「僕、静学ですと言えますね(笑)」流通経済大FW松永颯汰の変貌。テクニックとパワーの融合で、より怖いストライカーに

2023年12月24日 安藤隆人

相手の逆を取るドリブルを披露

コンバートをきっかけに“静学らしさ”を発揮する松永。写真:安藤隆人

 インカレ準決勝の京都産業大戦、流通経済大の2年生FW松永颯汰はスタメン出場を果たすと、立ち上がりからドリブル突破と鋭い裏への抜け出しでゴールに迫った。

 36分に先制を許した3分後には、スルーパスに抜け出した松永は、飛び出してきた京産大GK山本透衣(FC大阪内定)の体勢とタイミングを見計らって、左足インフロントで浮き球のテクニカルなシュート。同点弾を流し込んだ。

 さらに1-2で迎えた81分には、右からのシュートをGK山本がパンチングでセーブしたボールを左サイドで拾うと、寄せてきたDFよりも一瞬早く右足をコンパクトに振り抜く。強烈なミドルシュートがゴール左隅に突き刺さって、2度目の同点弾を叩き込んだ。

 試合は延長戦でも決着つかず、PK戦までもつれ込み、軍配は京産大に上がったが、この試合の松永は攻守に渡ってハイパフォーマンスを見せた。前線からの激しいプレスに加え、裏への抜け出しとシュートセンスをいかんなく発揮した。

 それ以上に驚かされたのが、ボールを持ったら上半身を左右に揺らしながら、なめらかなボールタッチとボディバランスとアジリティを駆使して、相手の逆を取るドリブルだ。

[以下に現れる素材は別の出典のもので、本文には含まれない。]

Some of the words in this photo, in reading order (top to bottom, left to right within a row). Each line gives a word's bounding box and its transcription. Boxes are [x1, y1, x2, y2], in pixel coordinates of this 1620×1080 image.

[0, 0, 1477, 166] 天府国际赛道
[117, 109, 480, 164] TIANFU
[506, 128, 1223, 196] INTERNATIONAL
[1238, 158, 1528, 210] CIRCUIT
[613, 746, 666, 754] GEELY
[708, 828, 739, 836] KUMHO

 高校は静岡学園。これだけを見れば、「さすが静学の選手」と思うかもしれない。だが、松永は"静学らしくない選手"であった。
 
 高校時代はトップ下の位置から直線的に湧き出てくるアタックを武器にしていた。だが当時の最前線にはエースストライカーの持山匡佑(中央大)がいた関係もあり、松永はインターハイでメンバー外も経験している。

 この悔しい経験をバネに成長を遂げると、プリンスリーグ東海ではセカンドストライカーとして8ゴールをマーク。選手権の予選前に持山が負傷離脱したことで、1トップに抜擢されると、そこでも持ち前の決定力を発揮して選手権出場に貢献した。

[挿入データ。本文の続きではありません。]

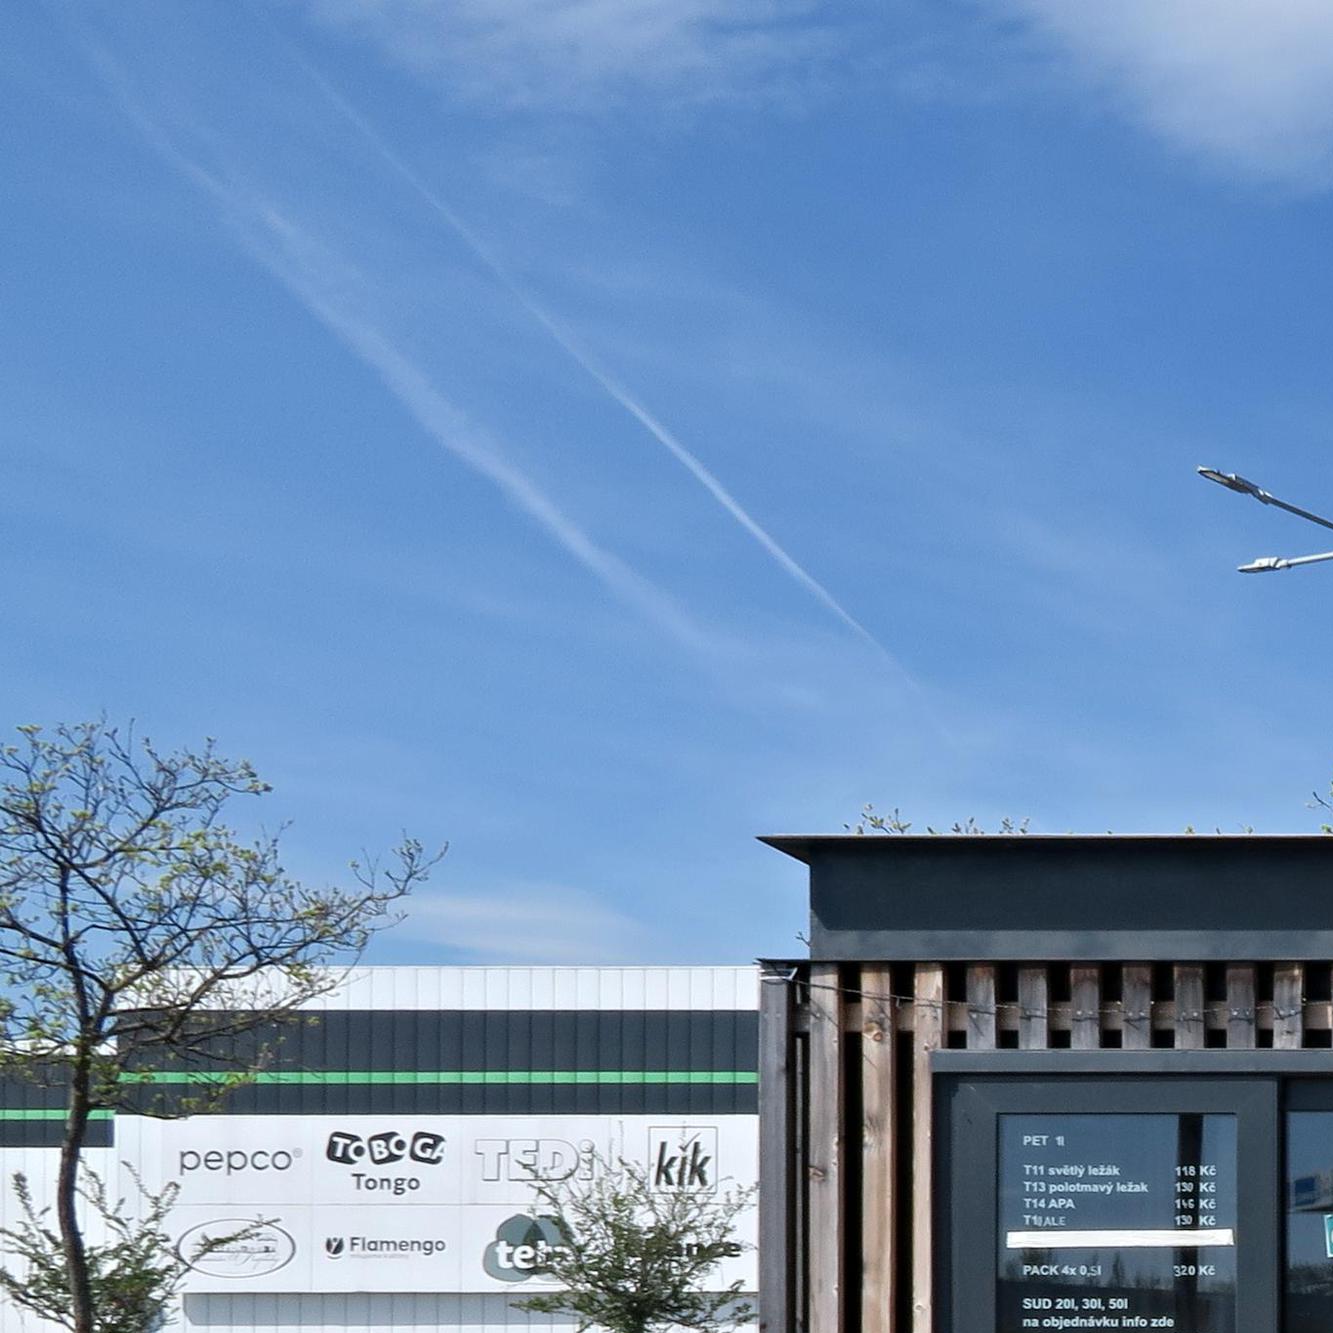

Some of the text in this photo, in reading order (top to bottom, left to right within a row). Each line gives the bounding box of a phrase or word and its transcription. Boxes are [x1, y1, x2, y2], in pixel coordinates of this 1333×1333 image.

[1023, 1135, 1049, 1146] PET
[179, 1150, 293, 1176] pepco
[475, 1138, 595, 1182] TEDi
[1023, 1164, 1044, 1176] T11
[1048, 1164, 1085, 1178] světlý
[1088, 1164, 1120, 1176] ležák
[1199, 1164, 1217, 1176] Kč
[351, 1173, 421, 1195] Tongo
[1023, 1181, 1046, 1192] T13
[1048, 1181, 1114, 1195] polotmavý
[1199, 1181, 1217, 1193] Kč
[1023, 1198, 1046, 1209] T14
[1047, 1198, 1076, 1209] APA
[1199, 1198, 1217, 1209] Kč
[1199, 1214, 1217, 1226] Kč
[350, 1236, 446, 1256] Flamengo
[1022, 1265, 1058, 1276] PACK
[1061, 1265, 1077, 1276] 4x
[1173, 1265, 1196, 1277] 320
[1198, 1264, 1216, 1276] Kč
[1022, 1298, 1052, 1309] SUD
[1022, 1316, 1175, 1330] na objednávku info zde
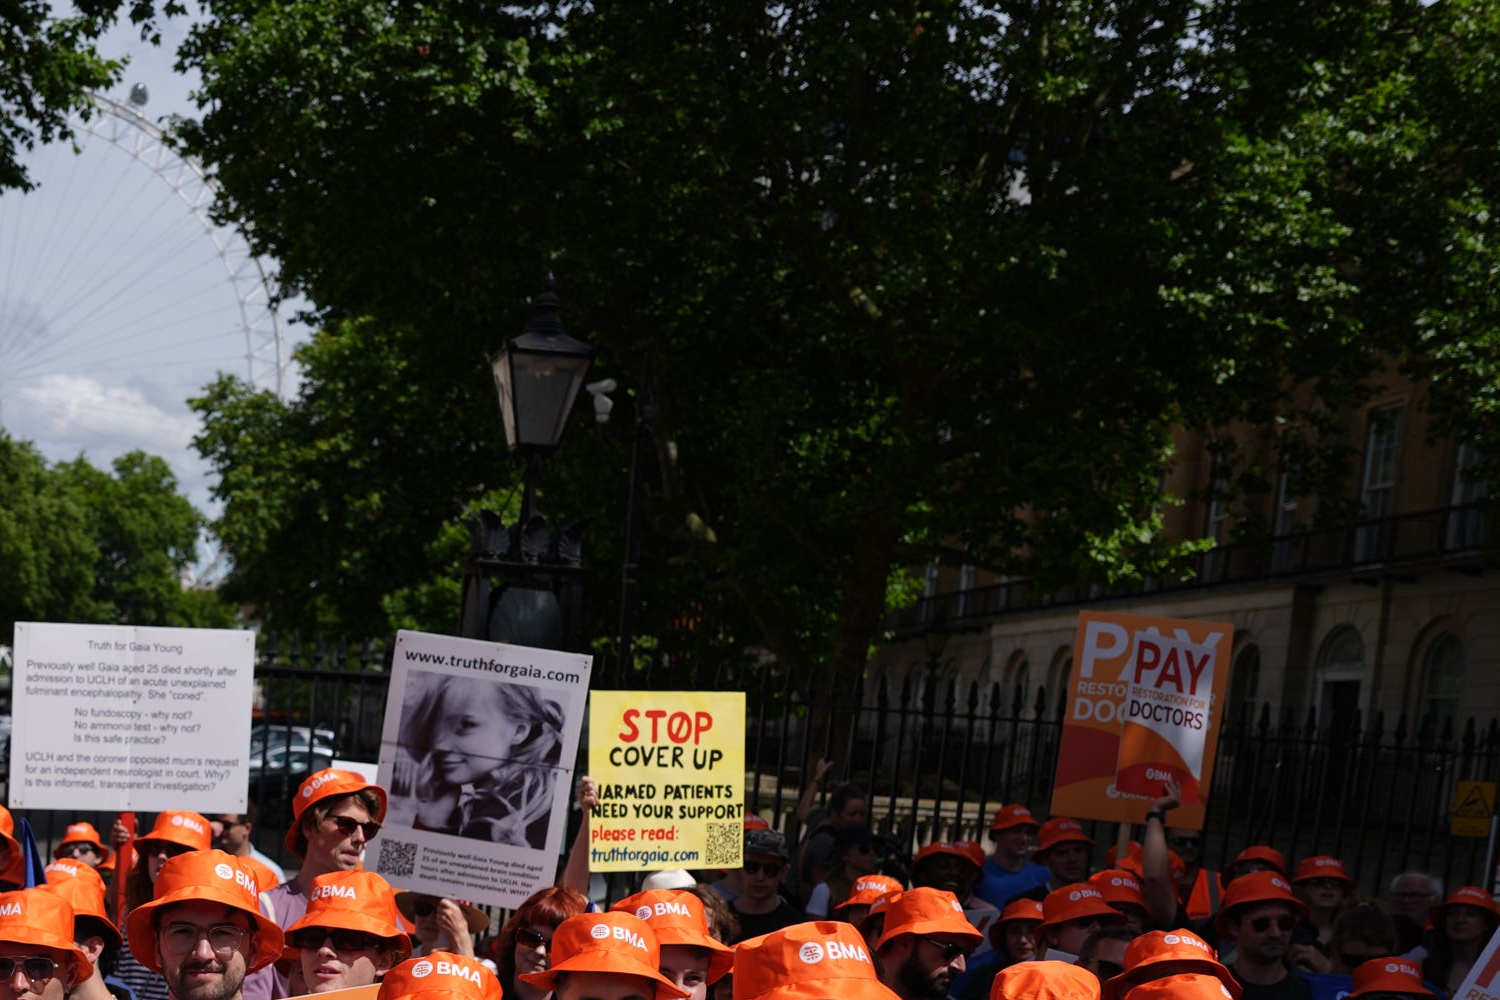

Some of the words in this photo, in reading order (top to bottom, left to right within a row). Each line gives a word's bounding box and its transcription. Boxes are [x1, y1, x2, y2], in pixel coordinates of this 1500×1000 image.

[88, 640, 111, 650] Truth
[114, 641, 126, 651] for
[129, 642, 150, 652] Gaia
[153, 643, 183, 655] Young
[26, 660, 75, 672] Previously
[77, 662, 96, 671] well
[99, 662, 120, 672] Gaia
[122, 664, 145, 675] aged
[147, 664, 159, 673] 25
[161, 664, 181, 675] died
[184, 665, 214, 677] shortly
[217, 667, 237, 677] after
[405, 651, 580, 684] www.truthforgaia.com
[1134, 640, 1211, 696] PAY
[26, 673, 73, 684] admission
[76, 675, 85, 684] to
[87, 675, 115, 685] UCLH
[117, 676, 127, 685] of
[142, 677, 168, 687] acute
[170, 678, 226, 690] unexplained
[25, 686, 68, 697] fulminant
[147, 690, 166, 699] She
[1133, 686, 1188, 706] RESTORATION
[1189, 699, 1205, 711] FOR
[75, 708, 88, 717] No
[90, 708, 141, 720] fundoscopy
[151, 711, 169, 721] why
[172, 711, 193, 719] not?
[1129, 700, 1203, 730] DOCTORS
[74, 721, 87, 730] No
[90, 722, 131, 731] ammonia
[134, 722, 151, 732] test
[159, 724, 177, 734] why
[181, 724, 201, 733] not?
[618, 709, 713, 745] STOP
[84, 734, 100, 743] this
[103, 735, 123, 744] safe
[125, 736, 166, 746] practice?
[25, 752, 54, 761] UCLH
[57, 753, 73, 762] and
[76, 753, 91, 762] the
[93, 755, 127, 764] coroner
[130, 755, 169, 767] opposed
[205, 757, 239, 768] request
[609, 746, 684, 768] COVER
[693, 748, 723, 771] UP
[311, 772, 339, 789] BMA
[664, 785, 733, 800] PATIENTS
[591, 803, 628, 818] NEED
[633, 804, 673, 819] YOUR
[679, 803, 744, 819] SUPPORT
[591, 825, 636, 843] please
[641, 825, 679, 842] read:
[591, 845, 699, 866] truthforgaia.com
[321, 885, 356, 899] BMA
[654, 903, 691, 918] BMA
[613, 926, 649, 952] BMA
[1181, 936, 1209, 952] BMA
[825, 941, 870, 965] BMA
[436, 962, 483, 988] BMA

 さらにプレミアリーグ参入プレーオフでゴールを決めて、悲願のプレミア昇格の立役者の1人となり、高校最後の選手権では復帰した持山からレギュラーを奪う形で1トップとして躍動し、ベスト8を経験した。

 古川陽介(磐田)、玄理吾(徳島)など「これぞ静学」という技巧派が多い代だったからこそ、ドリブルというより前への推進力と決定力を前面に出す松永は「静学らしくない」という風に映った。